Mereka berbincang sebentar. Bukan pembicaraan berat. Bukan percikan cinta pada pandangan pertama. Tapi cukup untuk membuat Daya merasa... hidup. Bahwa dia bisa berbicara dengan laki-laki asing tanpa membandingkannya dengan Leo. Bahwa dia bisa tertawa-sedikit-tanpa merasa bersalah.
Setelah Galih pamit karena harus kembali ke kantornya, Daya kembali ke meja kasir. Tilla sudah menunggunya di sana, tangan disilangkan dan alis terangkat tinggi.
"Gimana?

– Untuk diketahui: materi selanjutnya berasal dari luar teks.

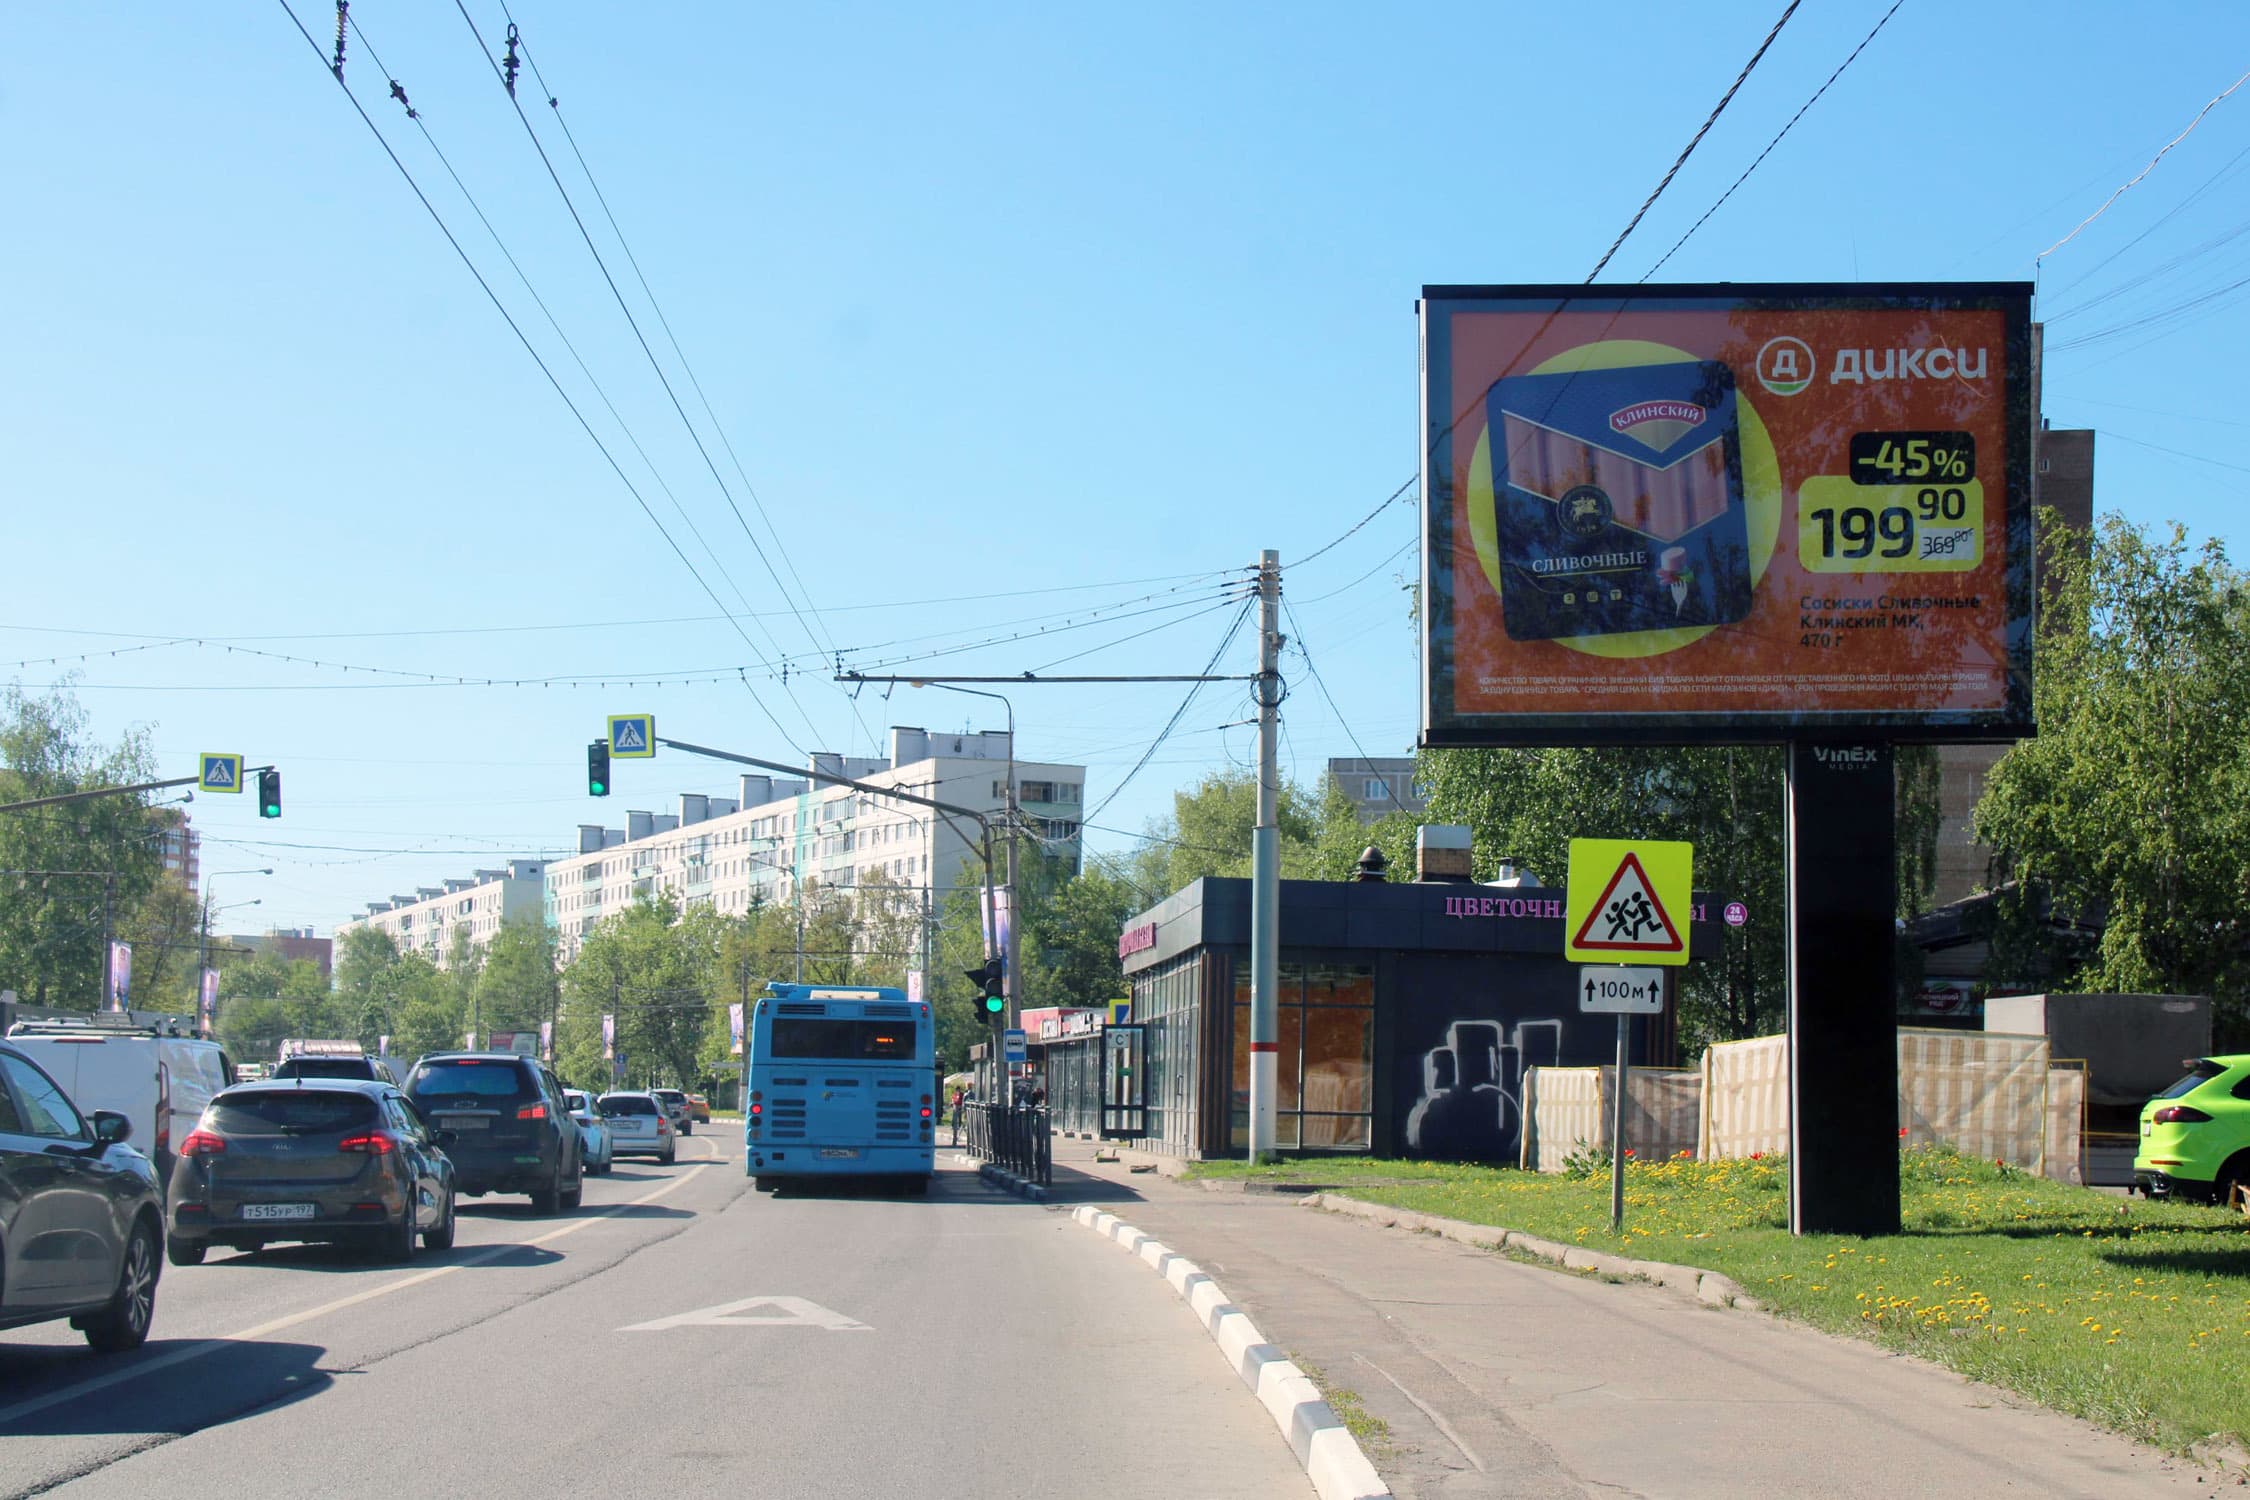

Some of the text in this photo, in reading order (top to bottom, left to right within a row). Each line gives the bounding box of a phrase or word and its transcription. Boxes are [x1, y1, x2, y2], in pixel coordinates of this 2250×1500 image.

[1616, 406, 1699, 427] КЛИНСКИЙ
[1532, 551, 1648, 573] СЛИВОЧНЫЕ
[1800, 596, 1980, 610] Сосиски Сливочные
[1800, 614, 1887, 629] Клинский
[1800, 634, 1831, 647] 470
[1445, 896, 1567, 919] ЦВЕТОЧН

Masih mellow?"
Daya menghela napas. "Nggak tahu. Tapi kayaknya... aku bisa tidur lebih tenang malam ini."
Tilla tersenyum, kali ini lembut. "Itu namanya awal yang baik, Mbak."
Daya tersenyum kecil.
"Tapi sepertinya dia punya pacar."
"Apa? Tahu dari mana?" Tilla terkejut. Tidak menyangka.

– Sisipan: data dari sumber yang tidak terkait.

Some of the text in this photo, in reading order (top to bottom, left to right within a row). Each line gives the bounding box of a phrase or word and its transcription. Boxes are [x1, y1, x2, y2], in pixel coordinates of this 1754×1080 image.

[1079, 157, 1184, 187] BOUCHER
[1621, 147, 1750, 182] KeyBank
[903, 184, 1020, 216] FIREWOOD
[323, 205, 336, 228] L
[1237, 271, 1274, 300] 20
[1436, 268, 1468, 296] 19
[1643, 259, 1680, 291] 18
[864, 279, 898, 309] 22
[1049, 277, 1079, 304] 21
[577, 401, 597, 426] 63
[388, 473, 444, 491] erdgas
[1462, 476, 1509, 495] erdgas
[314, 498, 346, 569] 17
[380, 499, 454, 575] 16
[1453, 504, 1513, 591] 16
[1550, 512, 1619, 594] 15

"Tadi aku melihat sekilas, sebuah notifikasi di ponselnya, ada pesan dengan nama Sayangku. Aku tidak mau menjadi penganggu. Aku akan berhenti hari ini." Daya tersenyum, sedangkan Tilla mengelus dada. Rencananya agar kakaknya keluar kamar, gagal total.
"Jangan kecewa. Setidaknya, aku berpakaian rapi dan mandi hari ini." Daya menghibur Tilla seolah sejak awal sudah tahu tujuan dari adiknya tersebut.
Tilla mengangguk setuju.
Daya mendengus kasar, "setidaknya, aku mulai bergerak dan tidak berujung menjadi pembicaraan di media sosial," gumamnya pelan.

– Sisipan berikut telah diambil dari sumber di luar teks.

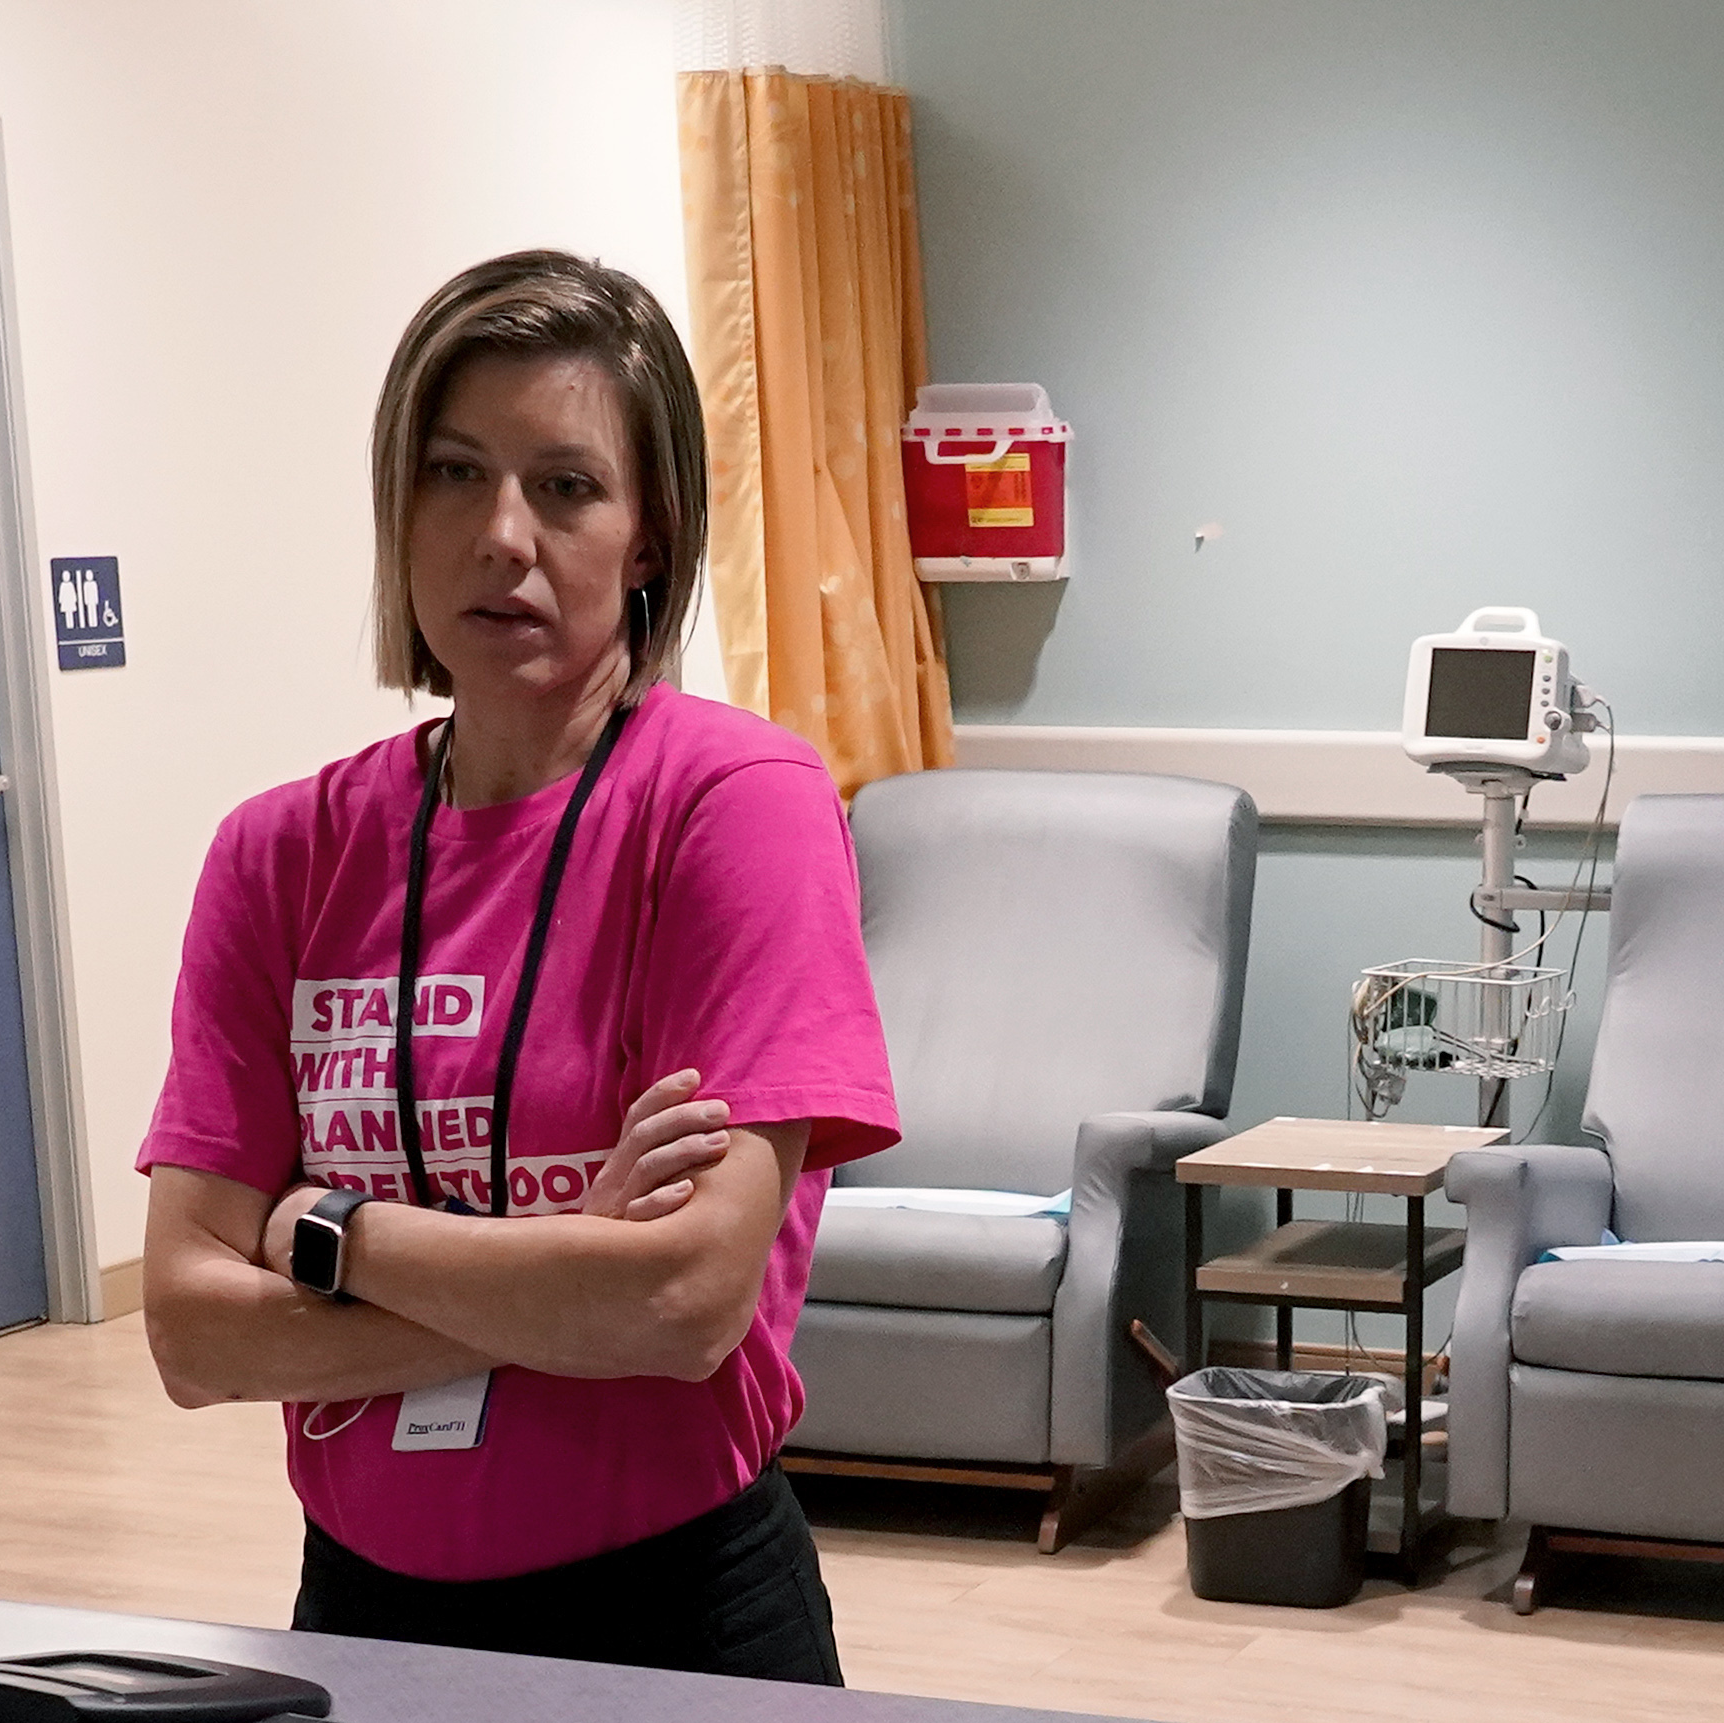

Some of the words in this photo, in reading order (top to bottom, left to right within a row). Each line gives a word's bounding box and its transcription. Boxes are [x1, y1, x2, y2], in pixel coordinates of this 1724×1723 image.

Jika dipikirkan dengan tenang sekarang, akan sangat memalukan bila dia diliput media dengan narasi, "seorang wanita tewas di rumahnya setelah menegak racun serangga. Motif sementara karena putus cinta."
Daya merinding membayangkannya. Dia segera merapikan pikirannya lalu kembali bekerja. Meski hanya satu hari, ini akan menjadi pengalaman berharga untuknya. Lagipula, pengalaman memang harusnya dialami sekali, bila berkali-kali, itu artinya sebuah kesalahan yang sengaja dilakukan.
Daya terdiam, merenung, mungkin kata-kata barusan adalah peringatan dari alam bawah sadarnya. Bagaimanapun, dia sudah pernah gagal dengan Permai sebelumnya. Namun, dia terus kembali pada lelaki itu. Sampai akhirnya, hubungan itu benar-benar selesai ketika Permai memutuskan menyerah dan pergi untuk selamanya.